A new study from researchers at the University of Kansas, the University of Miami, and the University of Texas San Antonio has examined the relationship between race, gun ownership, and gun control policies in the United States. The results did not find that White gun owners were more likely to hold racist attitudes than non-gun owners. However, the study did find a link between racist beliefs and negative attitudes about gun control policies.

To conduct their study, the researchers used data from the 2018 Guns in American Life Survey which asked 3,000 respondents about their experiences and viewpoints concerning firearms. According to the survey, over 40 percent of households and over 30 percent of adults in America own at least one gun. Although white men have historically been associated with gun ownership, there have been increasing rates of gun ownership among women and minorities since the COVID-19 pandemic.

When measuring racism among the survey’s respondents, the researchers used a new approach which focused on both cognitive racism (awareness of racism) and apathetic racism (lack of empathy towards racism). This method goes beyond simple perceptions of racial bias, providing more specific insight than other methods such as the racial resentment index.

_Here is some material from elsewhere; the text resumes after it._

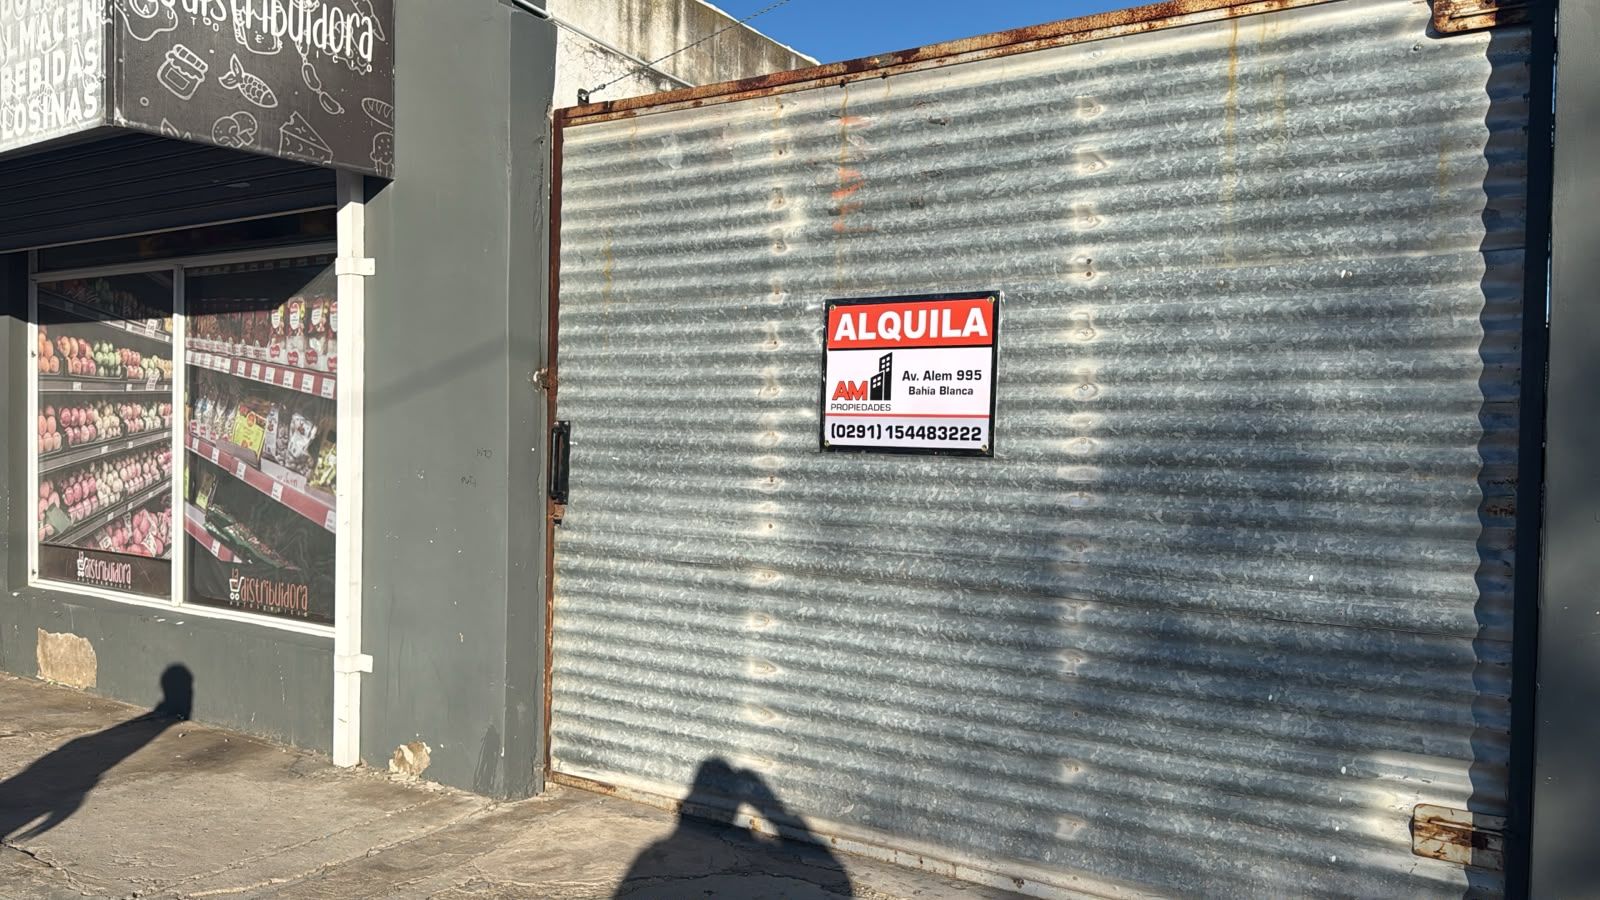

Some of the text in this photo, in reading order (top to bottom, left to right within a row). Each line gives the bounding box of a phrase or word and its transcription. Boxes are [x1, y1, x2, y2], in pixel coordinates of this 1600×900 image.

“Contrary to some other scholars, our research showed that white people who hold racist attitudes are no more likely than those who do not to own guns,” says study co-author Margaret Kelley, professor of American studies at the University of Kansas. “We did not examine the question of ‘Are gun owners more likely than non-owners to be racist?’ What we did investigate is whether people who do hold more negative racial attitudes are more likely to oppose gun control and to support concealed carry policies. We found support for this, including among both gun owners and non-owners.”